### ASSIGNMENT
Leave out any pictures and transcribe all other data below exactly.

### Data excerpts

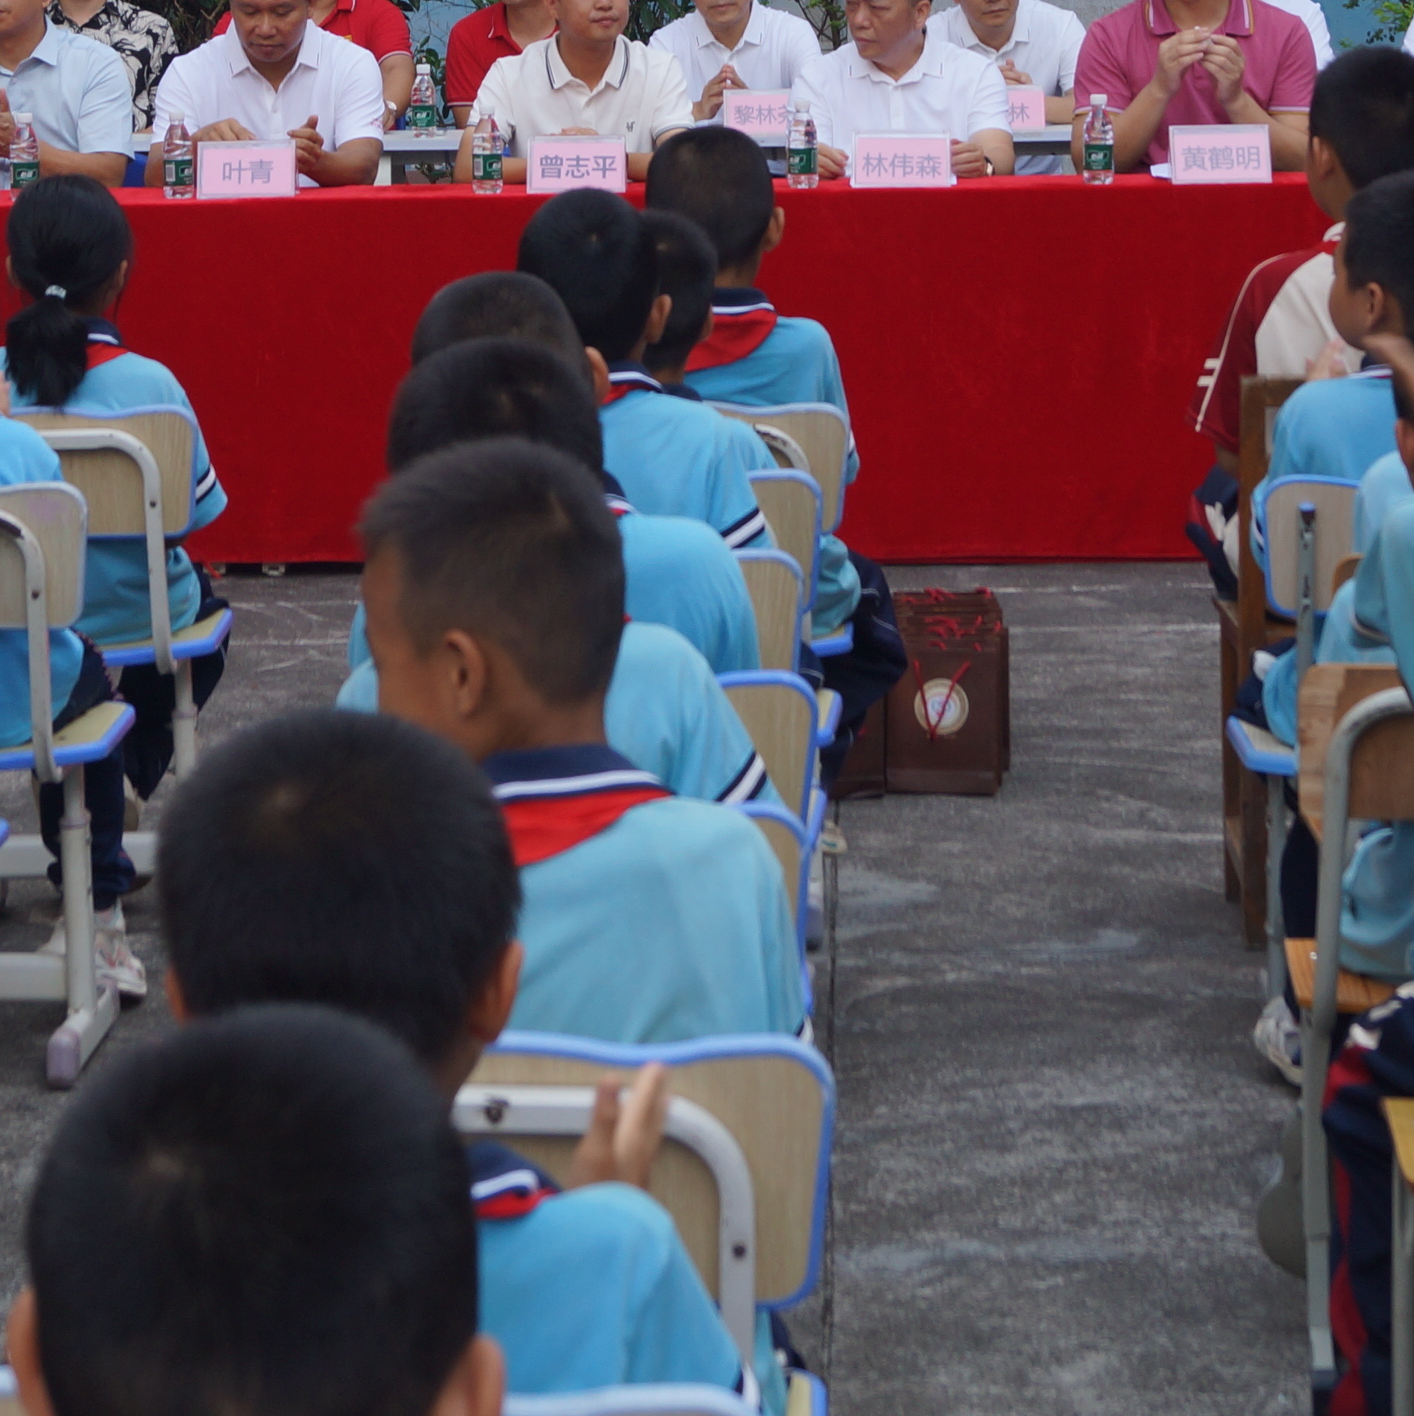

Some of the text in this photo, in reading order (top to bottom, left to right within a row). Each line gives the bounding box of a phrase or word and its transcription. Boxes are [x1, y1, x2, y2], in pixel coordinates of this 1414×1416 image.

[539, 154, 618, 180] 曾志平
[862, 152, 943, 178] 林伟森
[1182, 145, 1262, 172] 黄鹤明
[222, 159, 274, 185] 叶青
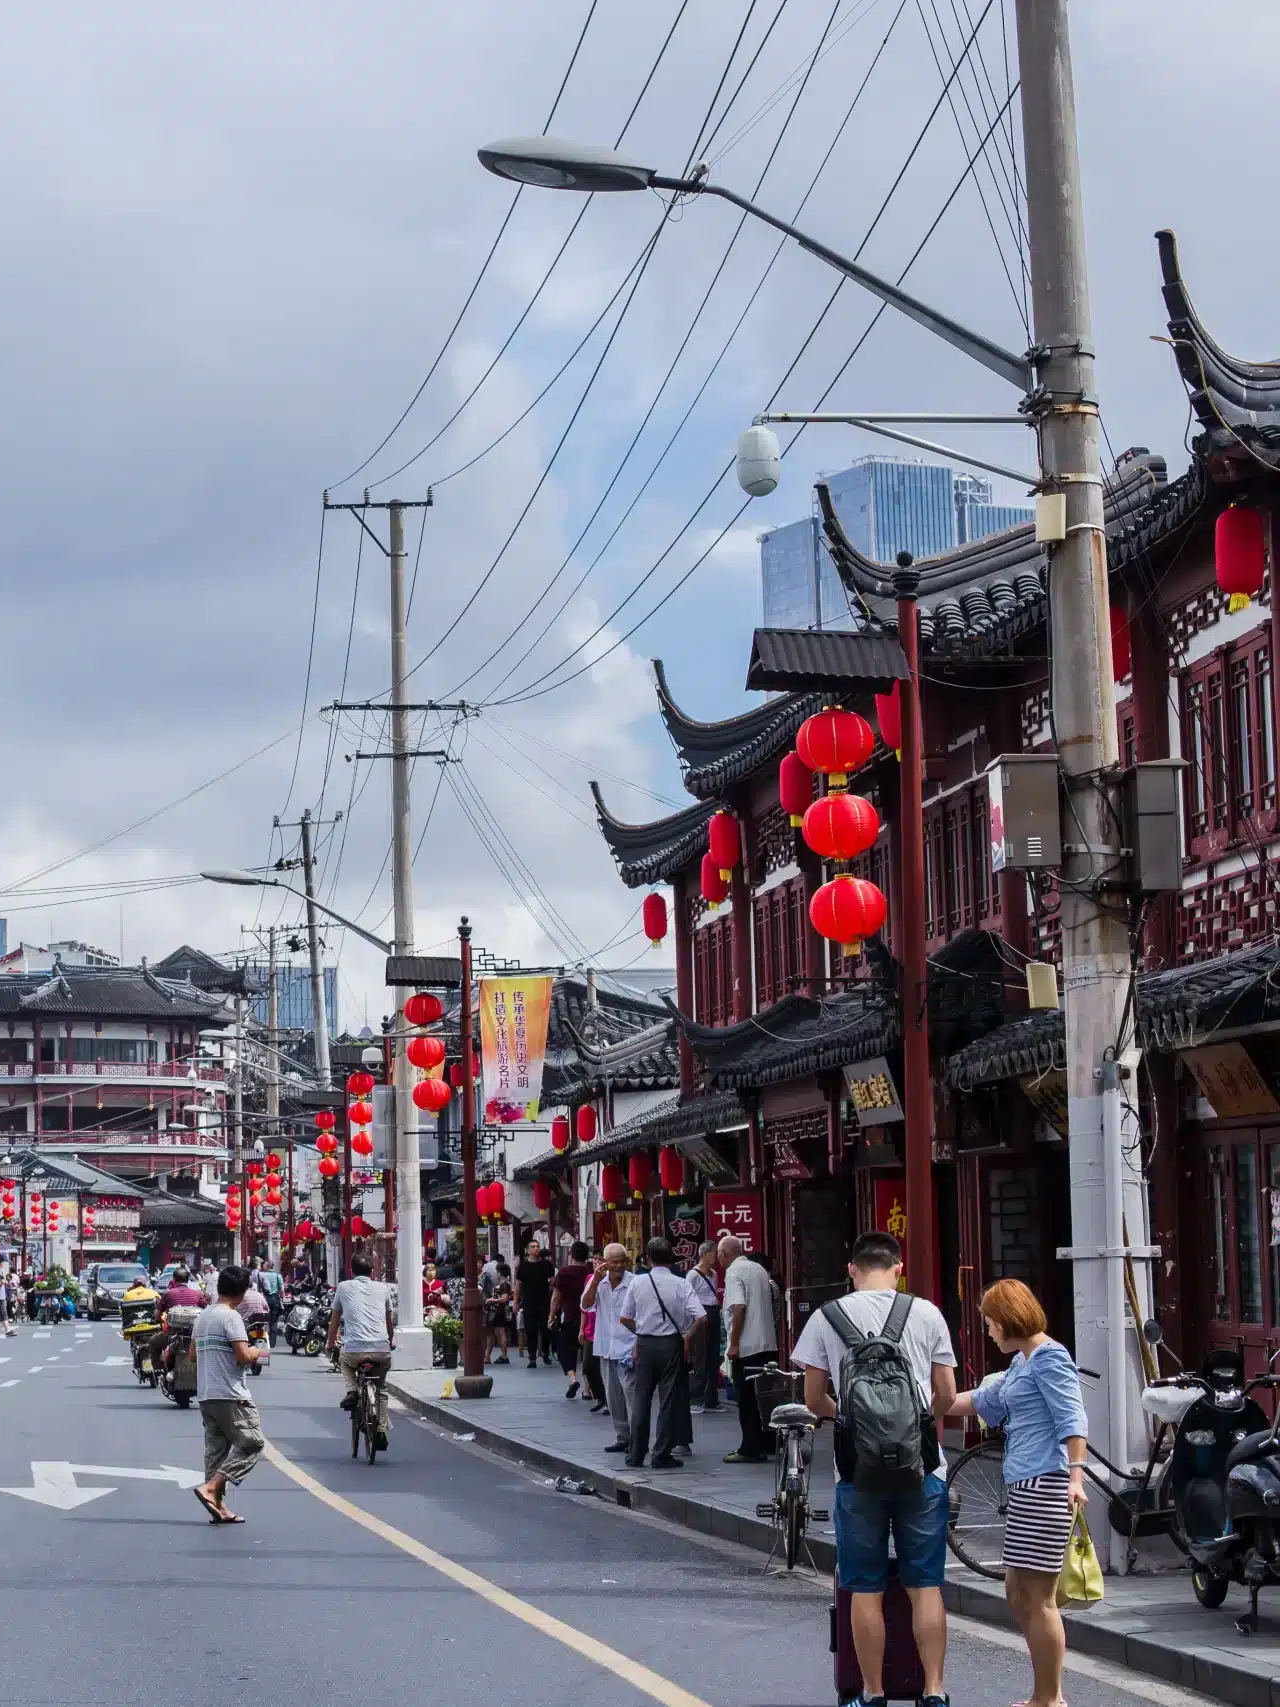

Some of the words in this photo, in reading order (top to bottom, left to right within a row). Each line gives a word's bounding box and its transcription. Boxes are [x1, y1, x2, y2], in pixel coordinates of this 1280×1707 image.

[494, 991, 510, 1088] 打造文化旅游名片
[513, 991, 529, 1088] 传承华夏历史文明
[714, 1204, 753, 1224] 十元

### RESULT BELOW
Some of the text in this photo, in reading order (top to bottom, left to right within a row). Each line gives the bounding box of a phrase or word and its transcription. Boxes are [x1, y1, x2, y2], in pixel coordinates of this 1414×1416 image.

[539, 154, 618, 180] 曾志平
[862, 152, 943, 178] 林伟森
[1182, 145, 1262, 172] 黄鹤明
[222, 159, 274, 185] 叶青

Some of the words in this photo, in reading order (top to bottom, left to right within a row). Each line gives a word's bounding box and its transcription. Boxes are [x1, y1, x2, y2], in pixel coordinates of this 1280×1707 image.

[494, 991, 510, 1088] 打造文化旅游名片
[513, 991, 529, 1088] 传承华夏历史文明
[714, 1204, 753, 1224] 十元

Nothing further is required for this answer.